What the exercise asks —
Below is a listing to repeat exactly, with its pictures left out.

━━━━━ Records ━━━━━

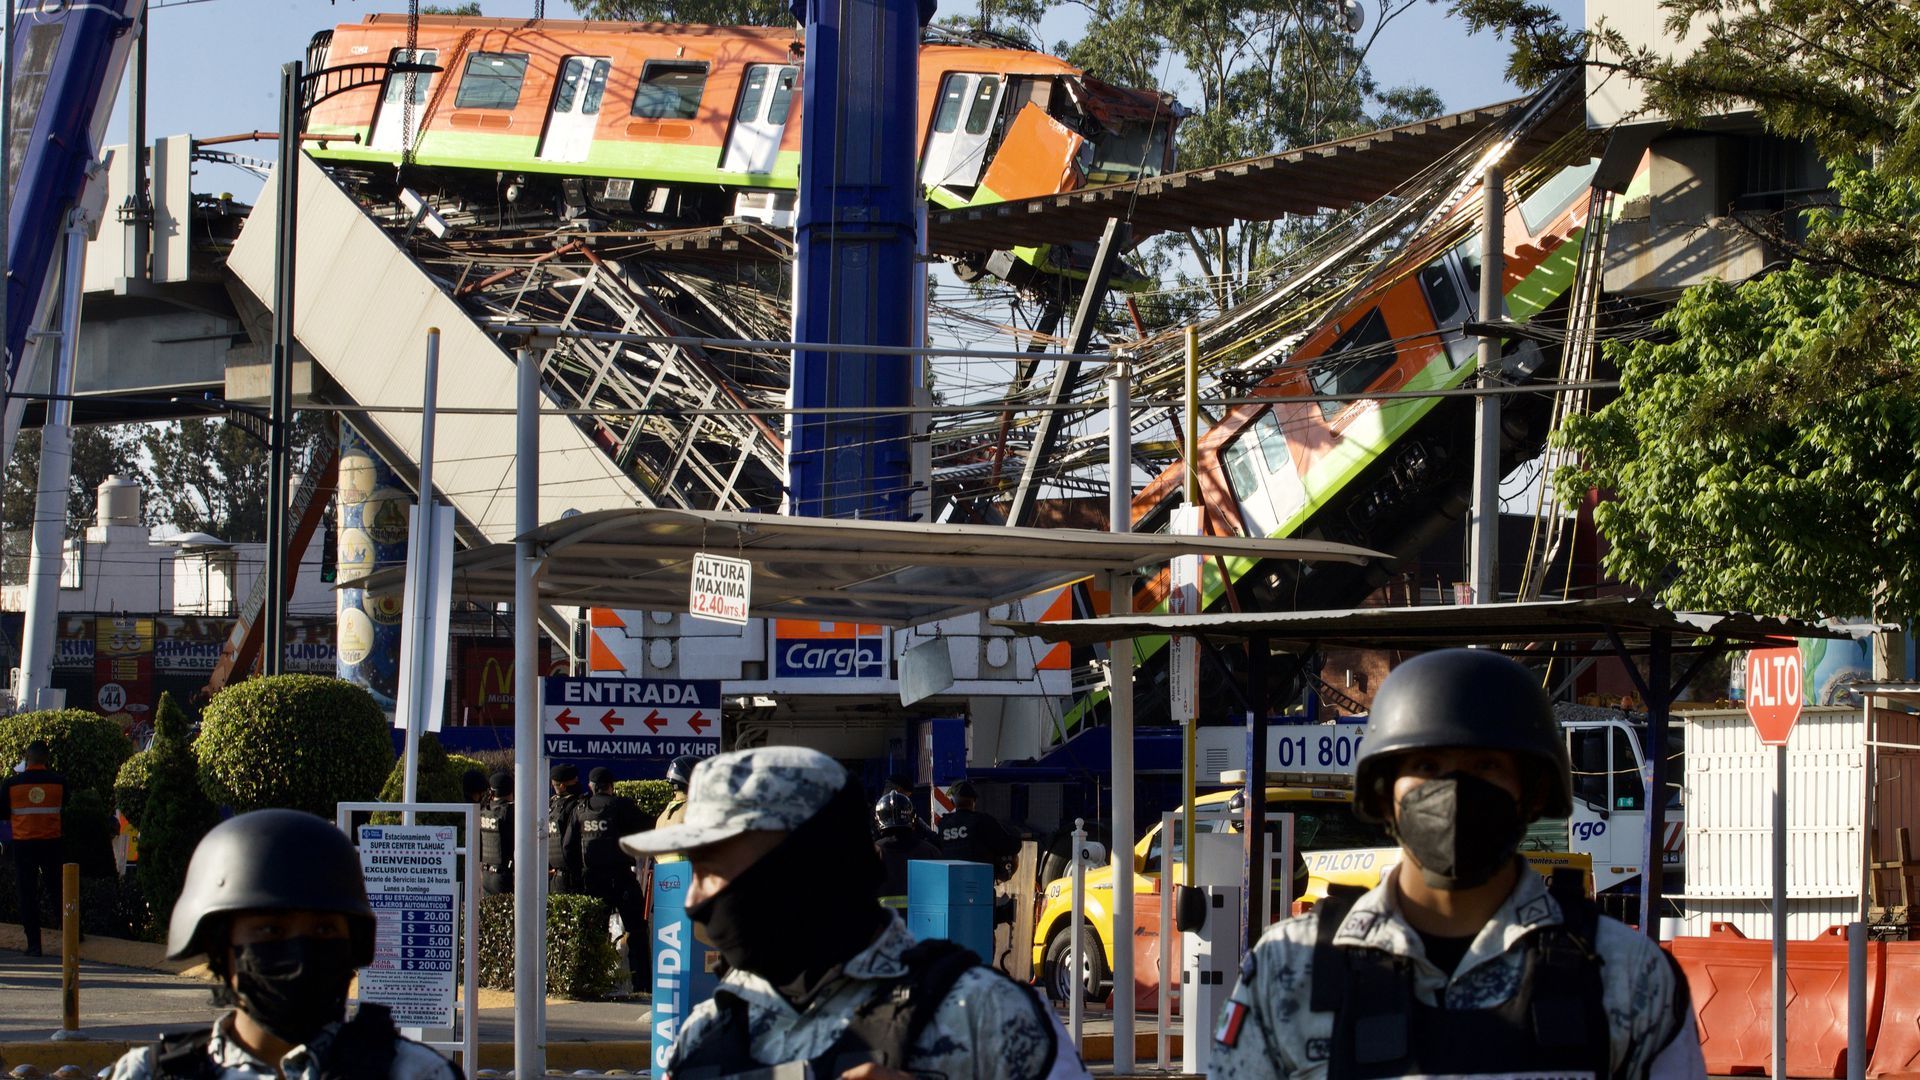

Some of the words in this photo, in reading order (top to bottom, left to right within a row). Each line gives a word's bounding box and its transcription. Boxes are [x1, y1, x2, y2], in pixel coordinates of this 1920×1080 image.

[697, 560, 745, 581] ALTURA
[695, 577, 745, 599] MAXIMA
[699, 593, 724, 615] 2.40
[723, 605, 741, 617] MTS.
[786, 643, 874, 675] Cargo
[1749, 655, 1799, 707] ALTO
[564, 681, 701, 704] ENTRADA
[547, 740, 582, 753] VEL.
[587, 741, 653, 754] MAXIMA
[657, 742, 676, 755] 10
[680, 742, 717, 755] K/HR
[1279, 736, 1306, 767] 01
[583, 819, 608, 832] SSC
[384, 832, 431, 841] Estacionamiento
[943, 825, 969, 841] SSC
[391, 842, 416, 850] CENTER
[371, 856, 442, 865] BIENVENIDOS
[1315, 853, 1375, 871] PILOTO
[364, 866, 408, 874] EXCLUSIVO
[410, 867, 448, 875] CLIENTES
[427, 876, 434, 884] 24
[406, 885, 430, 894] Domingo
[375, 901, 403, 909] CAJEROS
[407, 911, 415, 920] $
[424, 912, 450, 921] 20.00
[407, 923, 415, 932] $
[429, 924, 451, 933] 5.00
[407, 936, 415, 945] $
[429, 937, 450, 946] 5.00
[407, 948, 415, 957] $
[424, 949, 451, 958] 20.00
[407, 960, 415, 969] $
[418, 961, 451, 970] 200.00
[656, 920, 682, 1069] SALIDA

━━━━━

Solution for this task —
Some of the words in this photo, in reading order (top to bottom, left to right within a row). Each line gives a word's bounding box and its transcription. Boxes are [x1, y1, x2, y2], in pixel coordinates of this 1920×1080 image.

[697, 560, 745, 581] ALTURA
[695, 577, 745, 599] MAXIMA
[699, 593, 724, 615] 2.40
[723, 605, 741, 617] MTS.
[786, 643, 874, 675] Cargo
[1749, 655, 1799, 707] ALTO
[564, 681, 701, 704] ENTRADA
[547, 740, 582, 753] VEL.
[587, 741, 653, 754] MAXIMA
[657, 742, 676, 755] 10
[680, 742, 717, 755] K/HR
[1279, 736, 1306, 767] 01
[583, 819, 608, 832] SSC
[384, 832, 431, 841] Estacionamiento
[943, 825, 969, 841] SSC
[391, 842, 416, 850] CENTER
[371, 856, 442, 865] BIENVENIDOS
[1315, 853, 1375, 871] PILOTO
[364, 866, 408, 874] EXCLUSIVO
[410, 867, 448, 875] CLIENTES
[427, 876, 434, 884] 24
[406, 885, 430, 894] Domingo
[375, 901, 403, 909] CAJEROS
[407, 911, 415, 920] $
[424, 912, 450, 921] 20.00
[407, 923, 415, 932] $
[429, 924, 451, 933] 5.00
[407, 936, 415, 945] $
[429, 937, 450, 946] 5.00
[407, 948, 415, 957] $
[424, 949, 451, 958] 20.00
[407, 960, 415, 969] $
[418, 961, 451, 970] 200.00
[656, 920, 682, 1069] SALIDA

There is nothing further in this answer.